Si on entend parler de Native Advertising depuis quelques mois, il n’en est pas pour autant une nouvelle discipline. Certains sites et certains médias utilisent cette technique depuis des années. Sur la presse traditionnelle, on appelle ça du publi-redac. C’est-à-dire la création d’un support publicitaire intégré aux contenus dans le fond et dans la forme.

De la même manière, sur le digital certains sites comme Google, Yahoo, Facebook et Twitter propose de cibler la pub en fonction des contenus consultés.

Google en a fait son fond de commerce, car le ciblage publicitaire en fonction des mots clés recherchés est à la base du modèle du système adwords. En effet, sur le moteur de recherche le format de la publicité est très proche de celui des résultats ordinaires, au point que certains internautes ne font pas la différence entre liens sponsorisés payants et résultats naturels

google

De la même manière et sur le même modèle Facebook propose avec les « suggested stories » de mettre des liens sponsorisées dans les flux d’actualités. Une intégration de news dans les flux qui concentre l’attention des internautes (contrairement à la colonne de droite qui est exclusivement consacré à la publicité display « traditionnelle » et dont les performances aux clics sont plutôt mauvaise – 0.03% max).

facebook

Suivant ces modèles, Yahoo et Twitter ne sont pas en reste, que ce soit avec les « Stream Ads » intégrées dans les pages de résultats du moteur de recherche de Yahoo! ou avec les promoted Tweet de Twitter, les fonctionnements sont identiques aux 2 géants que sont Facebook et Google.

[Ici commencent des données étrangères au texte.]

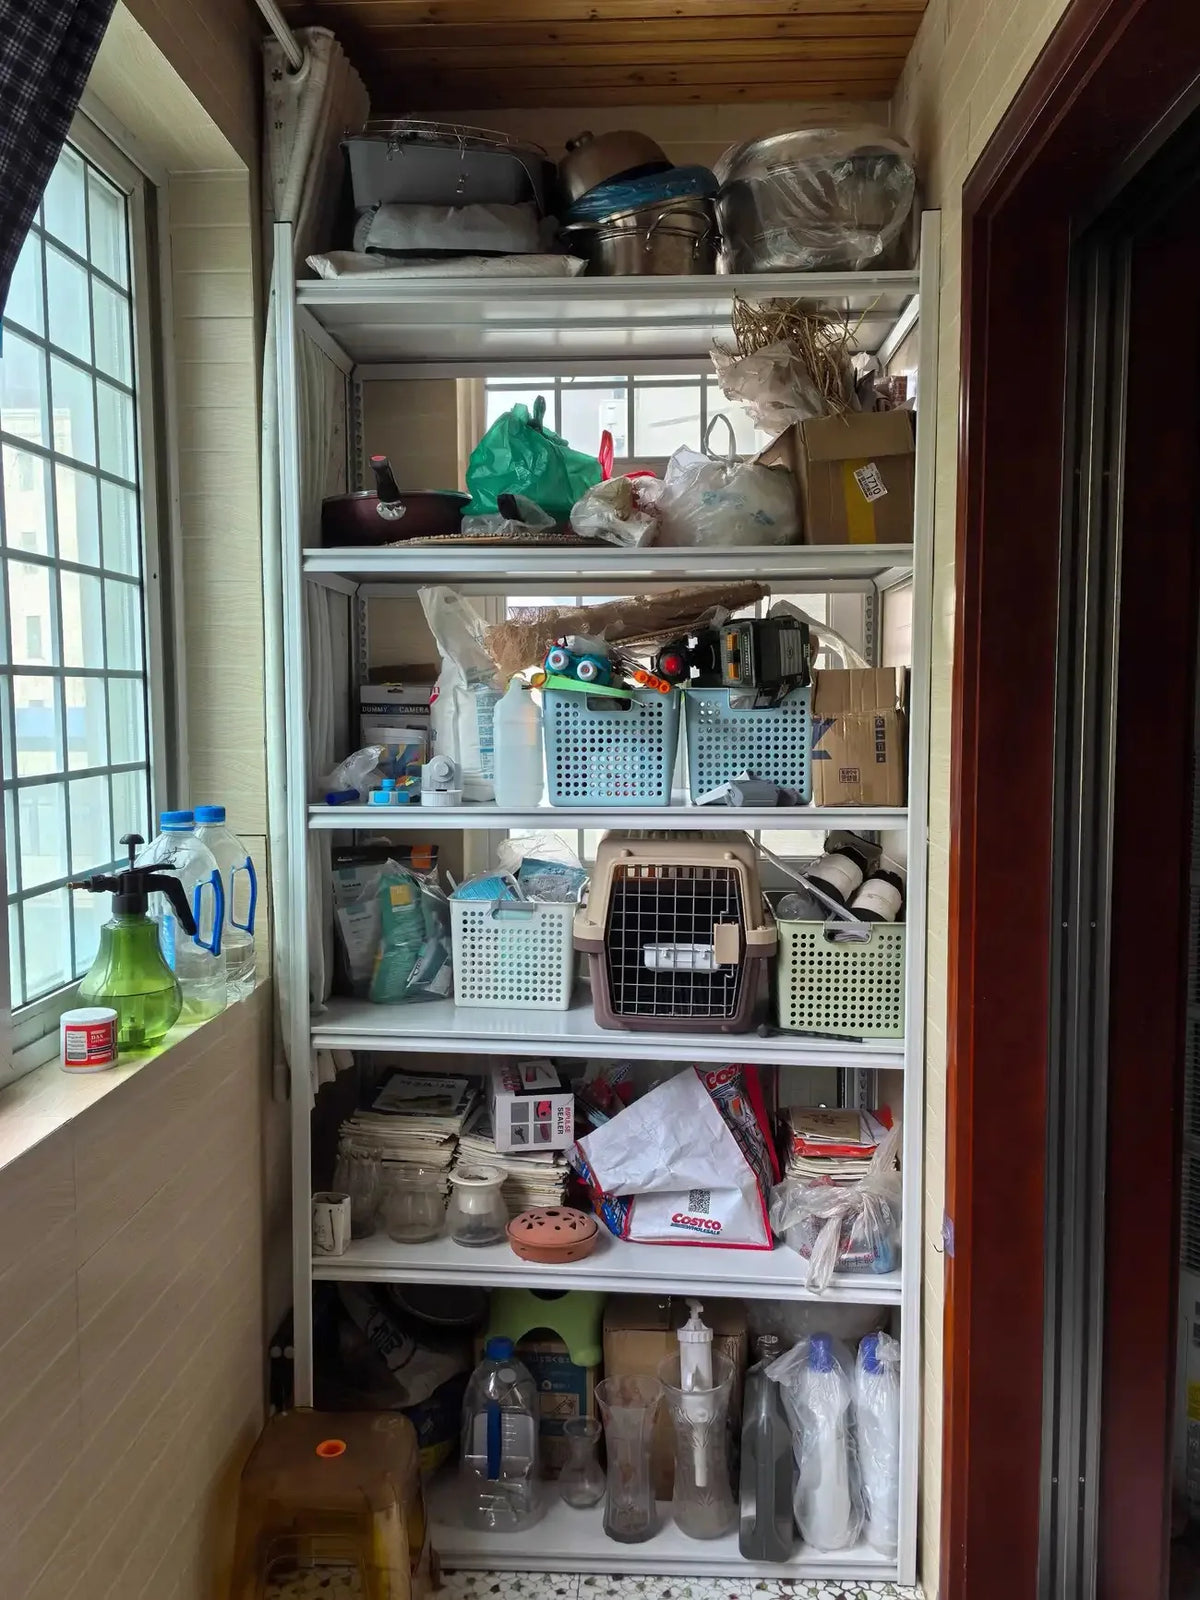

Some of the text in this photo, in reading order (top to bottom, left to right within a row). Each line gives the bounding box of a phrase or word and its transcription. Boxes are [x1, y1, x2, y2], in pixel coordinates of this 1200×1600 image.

Mais la véritable innovation que propose le native advertising ne concerne pas véritablement les réseaux sociaux ni les géants du web. En fait le cœur de l’innovation repose, sur les éditeurs de presse en ligne.

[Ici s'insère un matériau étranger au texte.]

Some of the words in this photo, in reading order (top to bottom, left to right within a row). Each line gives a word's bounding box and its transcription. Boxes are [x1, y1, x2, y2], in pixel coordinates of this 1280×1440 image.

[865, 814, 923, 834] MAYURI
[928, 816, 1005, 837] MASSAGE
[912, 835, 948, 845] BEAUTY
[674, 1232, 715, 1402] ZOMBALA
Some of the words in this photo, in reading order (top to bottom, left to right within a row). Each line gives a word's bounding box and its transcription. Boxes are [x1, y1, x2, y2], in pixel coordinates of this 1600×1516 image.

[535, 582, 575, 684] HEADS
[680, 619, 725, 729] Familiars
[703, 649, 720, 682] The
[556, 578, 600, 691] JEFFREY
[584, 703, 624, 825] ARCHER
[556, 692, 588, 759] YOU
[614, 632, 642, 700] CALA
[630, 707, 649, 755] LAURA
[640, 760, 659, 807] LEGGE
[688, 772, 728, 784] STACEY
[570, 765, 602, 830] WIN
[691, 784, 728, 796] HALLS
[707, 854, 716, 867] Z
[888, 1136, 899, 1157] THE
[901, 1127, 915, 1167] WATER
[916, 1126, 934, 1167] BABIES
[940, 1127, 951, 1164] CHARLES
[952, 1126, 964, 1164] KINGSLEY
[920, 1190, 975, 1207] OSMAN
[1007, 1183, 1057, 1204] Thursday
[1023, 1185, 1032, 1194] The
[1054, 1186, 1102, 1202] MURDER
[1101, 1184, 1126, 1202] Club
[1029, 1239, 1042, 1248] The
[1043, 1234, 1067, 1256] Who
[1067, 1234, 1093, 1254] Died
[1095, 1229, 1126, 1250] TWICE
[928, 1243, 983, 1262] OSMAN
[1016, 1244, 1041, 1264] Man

Ces sites ont basé leur business modèle sur la publicité et sur la création de dispositif et formats pub optimisés sur une audience cible. En d’autres termes, je sais que si je vais communiquer que LeFigaro.fr, je toucherai une population Premium, hauts revenus et CSP+. De la même manière, si je vais sur L’Equipe.fr, je toucherai d’avantage d’hommes.

Dorénavant, ces mêmes sites de presse en ligne proposeront d’intégrer des contenus éditorialisés, sponsorisés par l’annonceur, prenant la forme et le ton du support sur lequel il apparaît.

Bref la publicité ne sera plus affichée de manière standard et officielle mais noyée dans le contenu rédactionnel apporté par une rédaction d’expert journaliste.

Y a-t-il des risques au Native Advertising ?

Personnellement, je pense que le native advertising amène 2 risques et surtout une multitude d’interrogations.

1)    Le premier risque concerne le coté technique des sites web.

En effet, à l’heure actuelle, un site web est composé de différents éléments indépendants et autonomes.

Pour synthétiser, d’un coté les blocs éditoriaux, connectés au CMS (Content Management System) et gérés par les équipes de journaliste pour intégrer les articles aux sites. Et de l’autre, les blocs publicitaires (banner, pavé, megabanner, grand angle…) reliés à l’adserver (logiciel de diffusion des publicités) et connectés aux régies publicitaires.

Prévoir l’intégration de contenus publicitaires dans les fils de contenus éditoriaux doit relever du casse-tête de programmation pour les développeurs des sites web. Cependant, si c’est un levier de business, les développements seront fait.

En revanche, on peut se poser la question de la priorisation des contenus. La plupart des sites de presse en ligne ont un fonctionnement ante-chronologique. Le premier contenu visible est le dernier mis en ligne. Or, si on vend une publicité à un annonceur, celui-ci n’aura pas forcement envie de voir sa publicité se noyer dans la timeline des contenus et devenir ainsi obsolète au bout de quelques minutes. On peut donc imaginer que ces contenus publicitaires seront maintenus « artificiellement » au top de l’actu le plus longtemps possible.

Mais alors quelle sera le poids d’un contenu pub en Native Advertising face à une actualité réel ? Et comment hiérarchiser les contenus pour maintenir la priorité à l’information ?

2)    Le second risque concerne le coté éditorial.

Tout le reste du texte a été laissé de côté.